Interpretive Summary: Genomic selection, a breeding method that promises to accelerate rates of genetic gain, requires dense, genome-wide marker data. Genotyping-by-sequencing can generate such a large number of markers. However, these markers typically have a large proportion of missing data. Missing data can be filled in using a process called imputation for which algorithms have been developed for species that have been sequenced. That sequence enables markers to be ordered. Algorithms suited for unordered markers have not been rigorously evaluated. Using four empirical datasets, we evaluated and characterized four imputation methods (k-nearest neighbors, singular value decomposition, random forest regression, and expectation maximization) in terms of their imputation accuracies and the factors affecting accuracy. The effect of excluding markers with a large proportion of missing data on the genomic selection accuracy was also examined. Our results show that imputation of unordered markers can be accurate especially when linkage disequilibrium between markers is high, and genotyped individuals are related. Of the methods evaluated, random forest regression imputation produced superior accuracy. All four imputation methods we evaluated led to improved genomic selection accuracies when the level of missing data was high. Including rather than excluding markers with a large proportion of missing data nearly always led to greater GS accuracies. We conclude that high levels of missing data in dense marker sets is not a major obstacle for genomic selection, even when marker order is not known.
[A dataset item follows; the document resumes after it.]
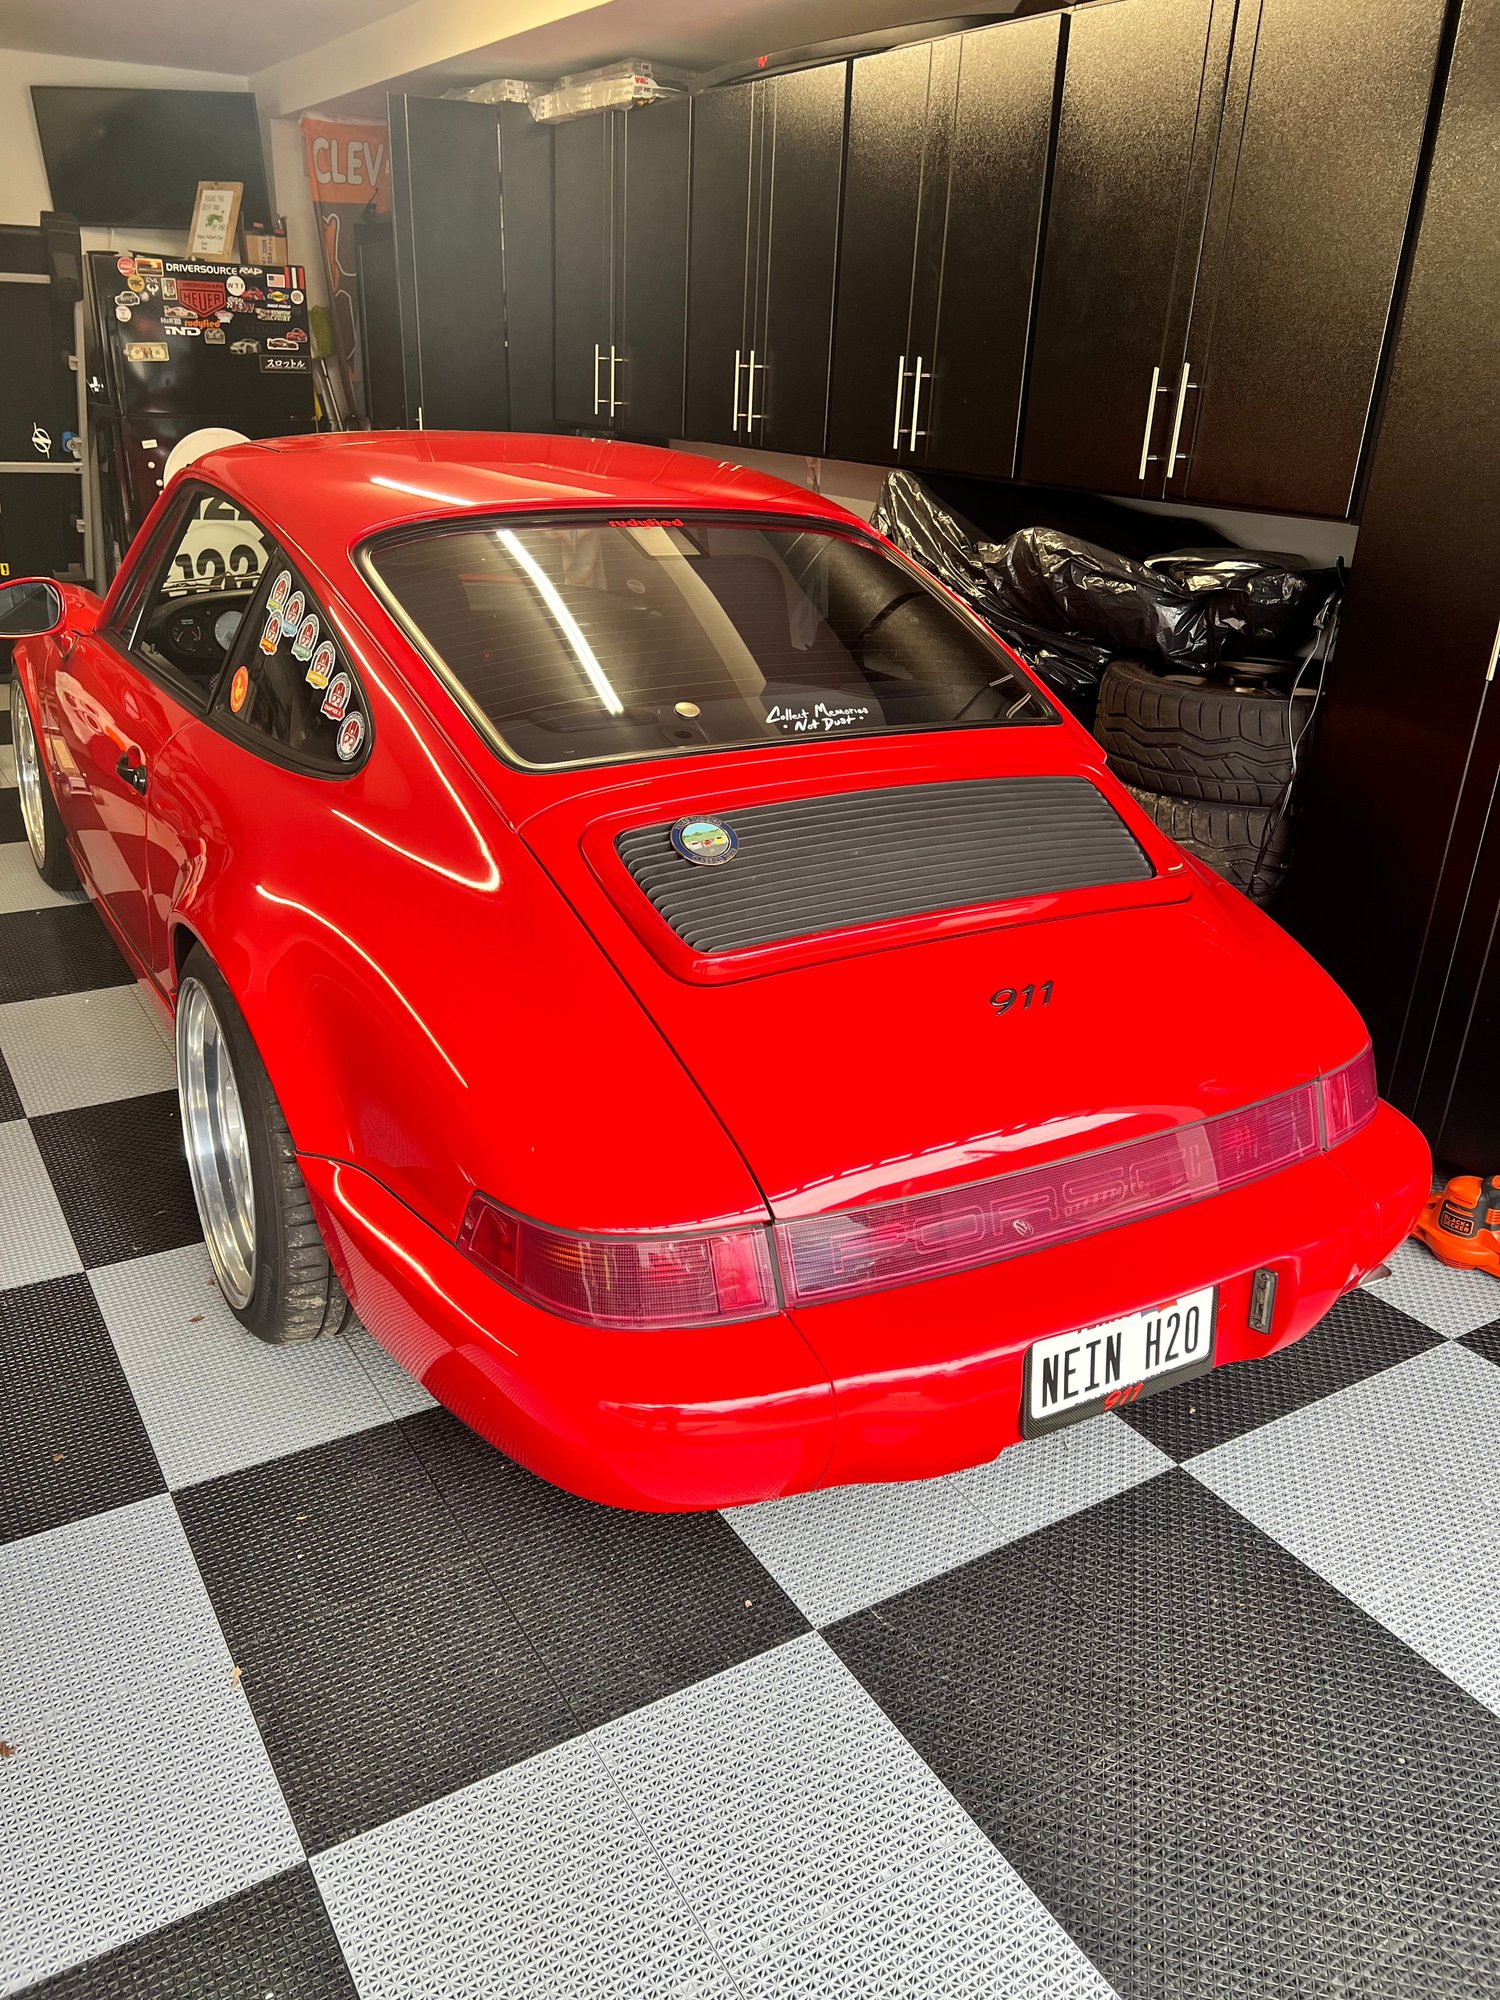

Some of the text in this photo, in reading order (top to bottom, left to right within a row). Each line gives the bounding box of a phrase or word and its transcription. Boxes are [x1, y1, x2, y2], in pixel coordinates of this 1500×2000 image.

Technical Abstract: Genomic selection, a breeding method that promises to accelerate rates of genetic gain, requires dense, genome-wide marker data. Genotyping-by-sequencing can generate a large number of de novo markers. However, without a reference genome, these markers are unordered and typically have a large proportion of missing data. Because marker imputation algorithms were developed for species with a reference genome, algorithms suited for unordered markers have not been rigorously evaluated. Using four empirical datasets, we evaluate and characterize four such imputation methods referred to as k-nearest neighbors, singular value decomposition, random forest regression, and expectation maximization imputation in terms of their imputation accuracies and the factors affecting accuracy. The effect of imputation method on the genomic selection accuracy is assessed in comparison with mean imputation. The effect of excluding markers with a large proportion of missing data on the genomic selection accuracy is also examined. Our results show that imputation of unordered markers can be accurate especially when linkage disequilibrium between markers is high, and genotyped individuals are related. Of the methods evaluated, random forest regression imputation produced superior accuracy. In comparison with mean imputation, all four imputation methods we evaluated led to higher genomic selection accuracies when the level of missing data was high. Including rather than excluding markers with a large proportion of missing data nearly always led to greater GS accuracies. We conclude that high levels of missing data in dense marker sets is not a major obstacle for genomic selection, even when marker order is not known.